Your instructions =>
Every entry must reappear in your answer exactly as written, though its pictures must not.

### Information supplied

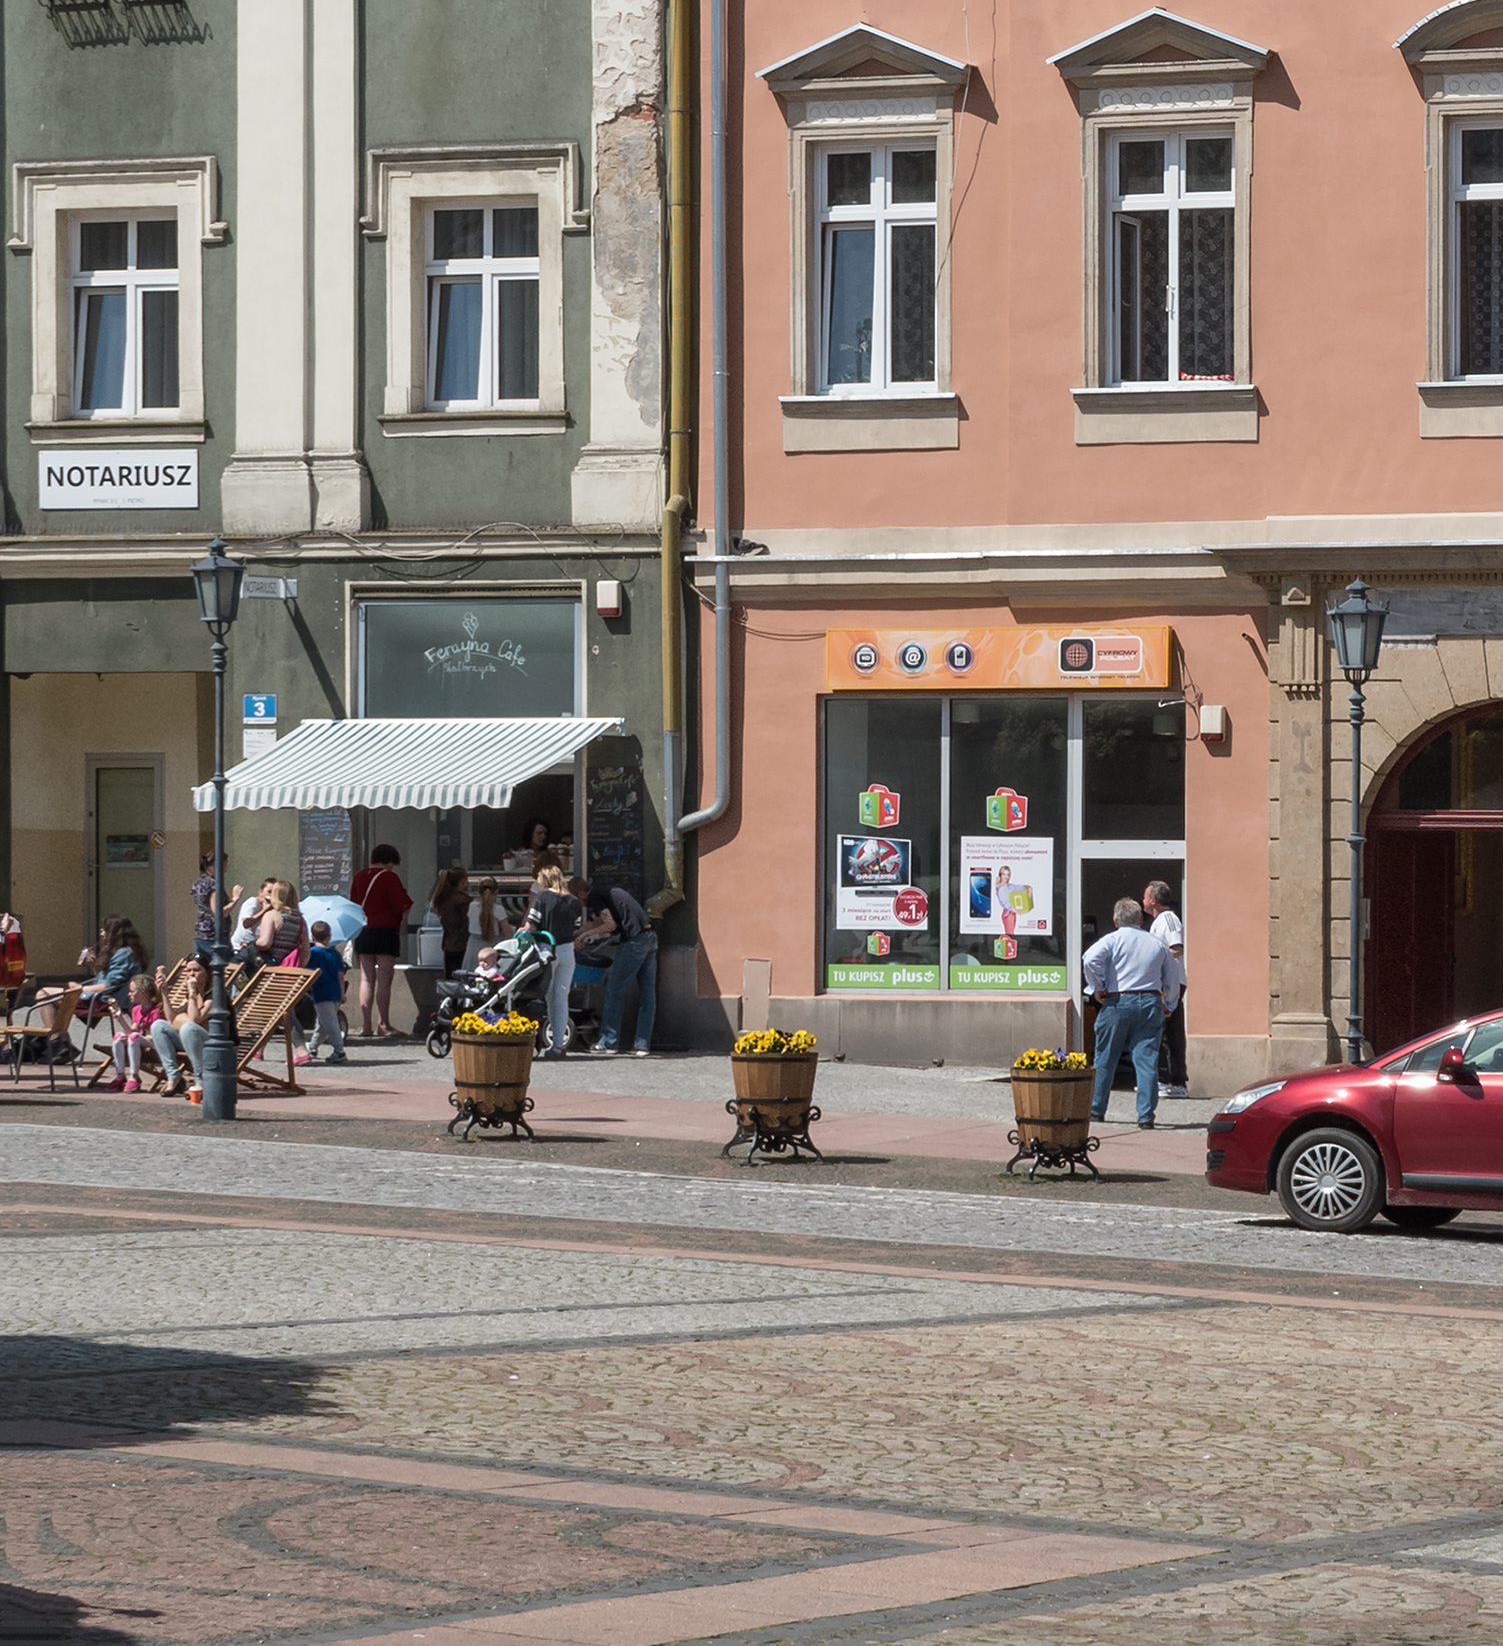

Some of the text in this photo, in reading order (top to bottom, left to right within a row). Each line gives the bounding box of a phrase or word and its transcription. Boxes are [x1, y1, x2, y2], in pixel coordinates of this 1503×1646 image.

[47, 465, 192, 487] NOTARIUSZ
[254, 702, 266, 717] 3
[833, 968, 923, 986] TU KUPISZ plus
[957, 969, 1049, 987] TU KUPISZ plus

######

Answer =>
Some of the text in this photo, in reading order (top to bottom, left to right within a row). Each line gives the bounding box of a phrase or word and its transcription. Boxes are [x1, y1, x2, y2], in pixel coordinates of this 1503×1646 image.

[47, 465, 192, 487] NOTARIUSZ
[254, 702, 266, 717] 3
[833, 968, 923, 986] TU KUPISZ plus
[957, 969, 1049, 987] TU KUPISZ plus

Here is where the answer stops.